Well, I will never use it on my comic at all, but maybe on its lore, for the origins of countless galaxies, maybe.

I wanna show different types of it and how they affect reality/personal realities. I have an OC who is, will show up in a W.I.P series, the Watcher of Time and can directly affect it without causing any issues; I will show the different types through him as he has comments about mortals affecting time crudely and made analogies referencing how bad it can get and how it can never go back to the way it was even if fixed back entirely after being damaged from crude use.

That's actually interesting, a character who has complete control on fixing time comparing to those who are inferior for changing time, let alone controlling it.

I've definitely considered time-travel for my works. I'm doing a lot with cosmic horror, so it's something that's come up in my scripting.

Right now, time-travel is very...complicated. My idea is that you can't reverse time: unless you're some entity beyond time and space, it's too linear for any human to reverse. So you can only go to different realities that are similar except for those tiny differences (like "what if Jane didn't agree to marry Henry?" type of differences). The reality you've left is still going on, but the reality you've come to is now your new reality.

That said, this can have darker turns.
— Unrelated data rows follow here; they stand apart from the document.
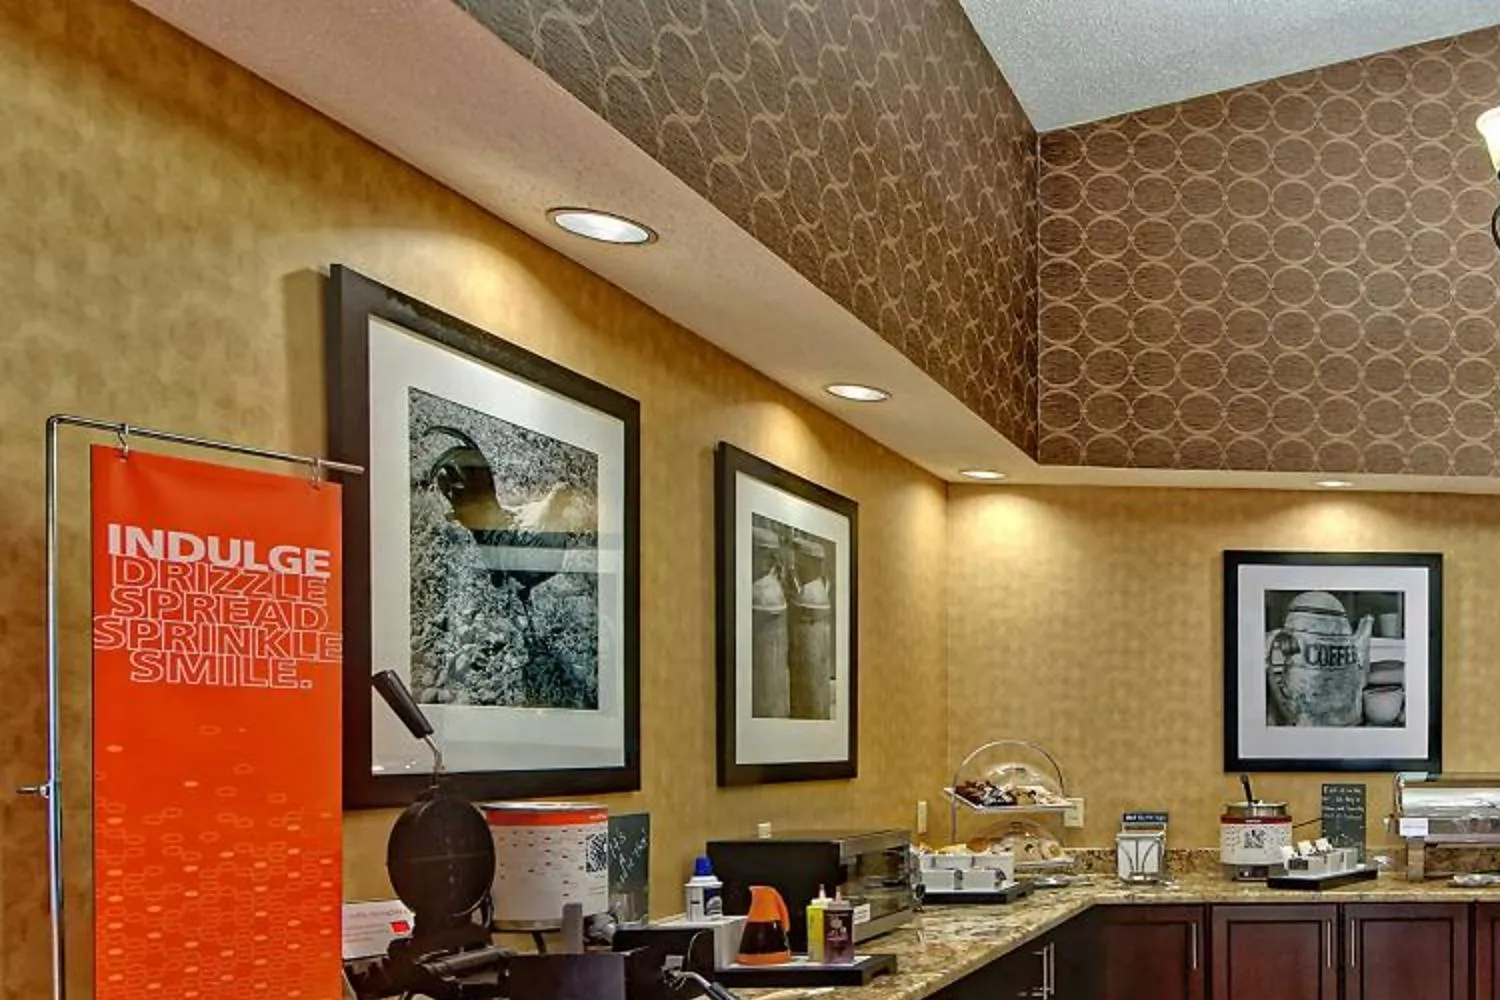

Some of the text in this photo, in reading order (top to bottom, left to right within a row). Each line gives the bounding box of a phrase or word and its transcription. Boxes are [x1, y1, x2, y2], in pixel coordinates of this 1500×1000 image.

[107, 523, 331, 578] INDULGE
[112, 553, 329, 607] DRIZZLE
[110, 586, 330, 633] SPREAD
[93, 614, 344, 664] SPRINKLE
[129, 650, 313, 690] SMILE.
I've developed a cosmic horror story where the reality is lost, and the MC has lost everyone they've loved. They were able to go to another reality where they didn't make the choices they made, but the truth is still there: they didn't reverse time and no one was saved. They still lost that reality, and that weight kinda stays with them.
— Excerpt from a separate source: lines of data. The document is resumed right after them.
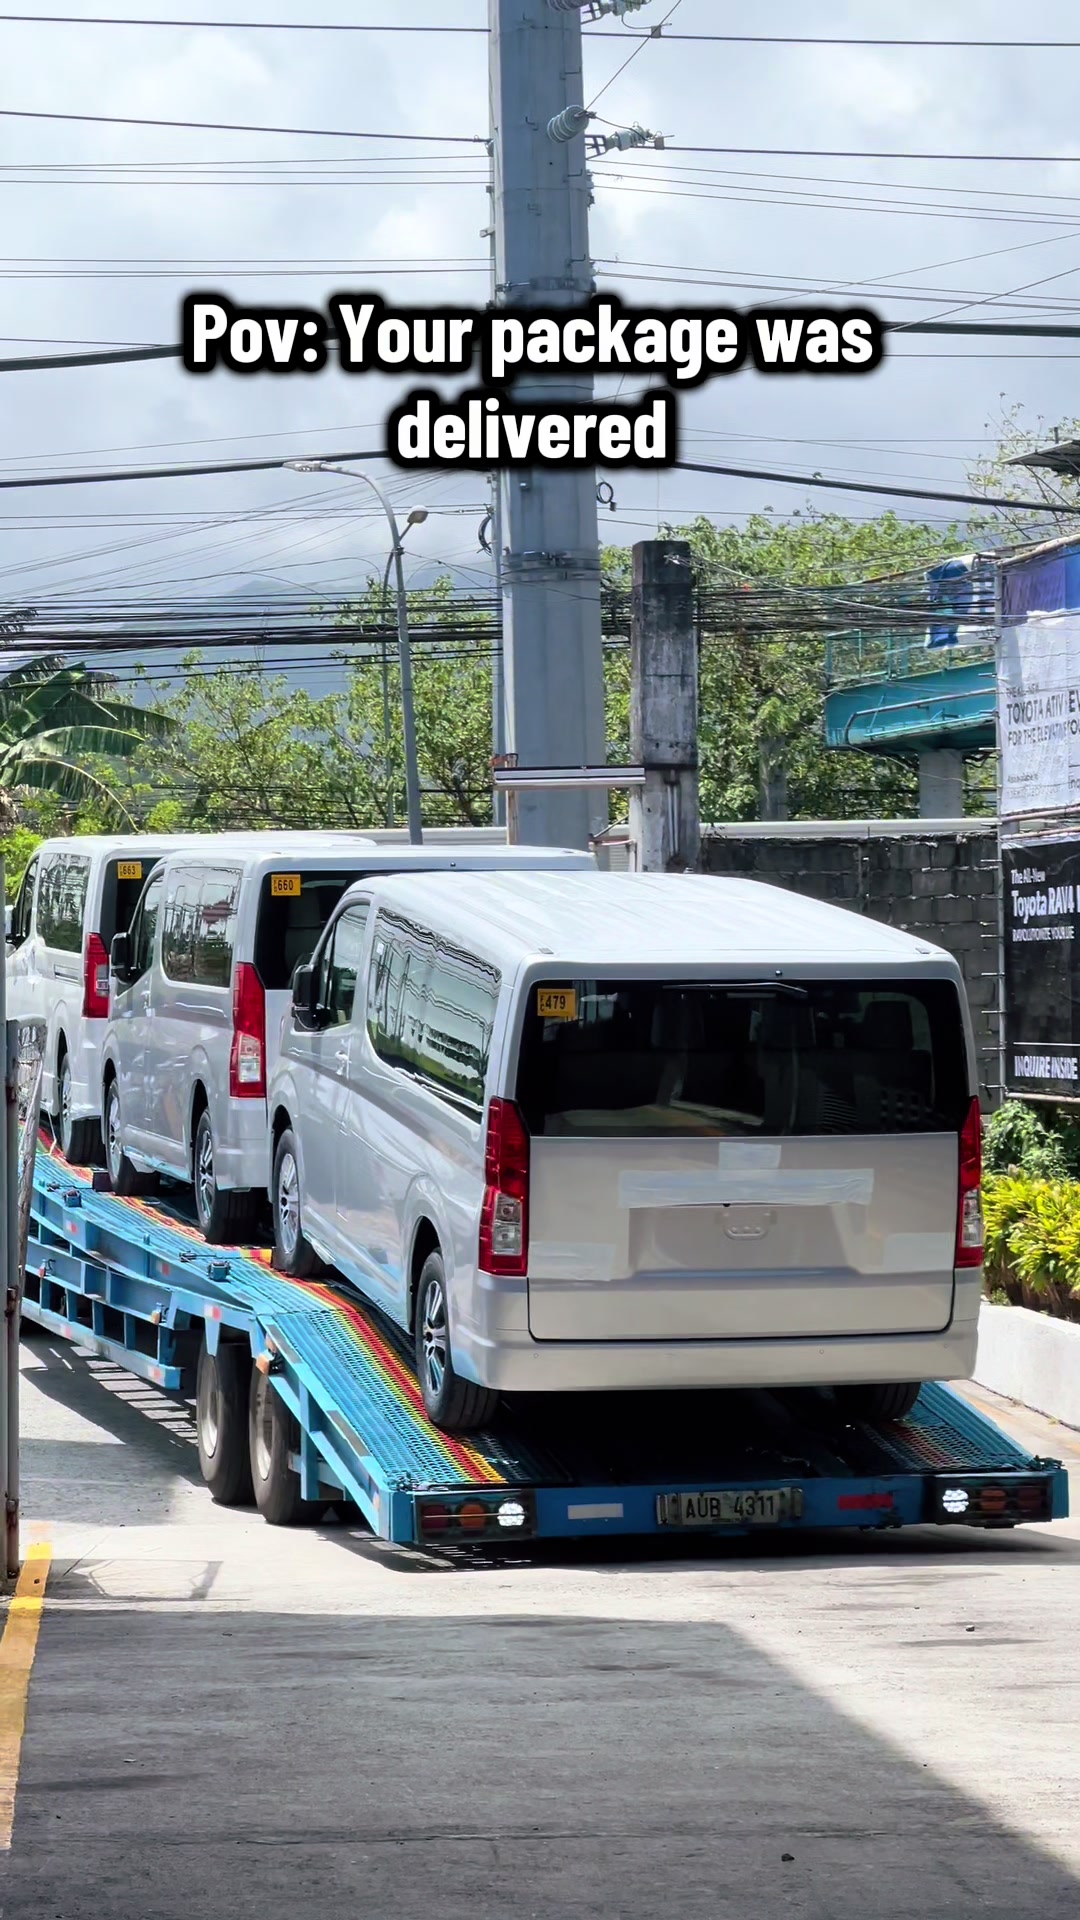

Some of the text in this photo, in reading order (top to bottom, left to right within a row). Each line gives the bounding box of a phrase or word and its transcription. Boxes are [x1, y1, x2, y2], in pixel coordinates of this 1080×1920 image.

[1006, 699, 1044, 726] TOYOTA
[1045, 693, 1064, 719] ATIV
[277, 879, 294, 891] 660
[1011, 869, 1023, 884] The
[1011, 889, 1047, 925] Toyota
[1048, 885, 1074, 915] RAV4
[545, 995, 566, 1010] 479
[1014, 1055, 1078, 1080] INQUIRE INSIDE
[685, 1495, 774, 1519] AUB 4311
It's something I've been interested in trying. Think once I finish the other stories I have going on, I'll get back to this development. :smile_01:

I do have an idea for a somewhat time traveling story. It's about a guy who can see into the past but he has to be in a designated location to do it. He also can see into the future but only by 5 seconds. His limitation is that he can't see what is happening in modern times while he is doing it. I was thinking of maybe doing a detective story with him.

How will I handle time travel? I don't have any plans on writing anything involving time travel right now. Unless... you know something about my future...?
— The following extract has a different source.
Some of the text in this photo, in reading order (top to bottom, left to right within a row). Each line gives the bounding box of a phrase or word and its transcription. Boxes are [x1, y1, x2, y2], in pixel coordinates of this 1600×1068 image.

Jokes aside, I find the prospect of writing a time travel story to be intimidating because I know everyone's just going to pick apart the mechanics of how it works and it's never going to be concrete enough to satisfy those types of people. I literally know of only one time travel story that makes them happy and that's Primer, which I've never seen but only know because those types of people always say it's the only story where time travel makes sense.

Personally, as an audience member, I'm far more laissez-faire with how stories handle time travel than most nerds. I see the time travel first and foremost as a plot device for telling an interesting story, not as the author's dissertation on how time travel should actually operate. In fact, I'm pretty sure the more a writer tries to make the time travel make sense, the more likely they are to invite nerds to tell them exactly why it doesn't work. Less is more, in my opinion.

If I ever do tackle time travel, I'd probably just lean into the whole "Look, this doesn't make sense, but just go along with it, OK?" angle that the film Looper did. Bruce Willis plays future Joseph Gordon-Levitt and there's a scene where they're talking about how he traveled back in time and Willis basically says "I can sit here and chart out the full mechanics of how this works, but we don't have time for that, I'm here, let's move on" and I respect that writing choice. And it would make no sense for Willis to provide a proper explanation, he's just some (relatively) low-level goon who uses time travel for his job - he has no idea how it works and doesn't need to for his job. It would be like expecting a modern commuting worker to be able to drop everything and exposit on how the metro works.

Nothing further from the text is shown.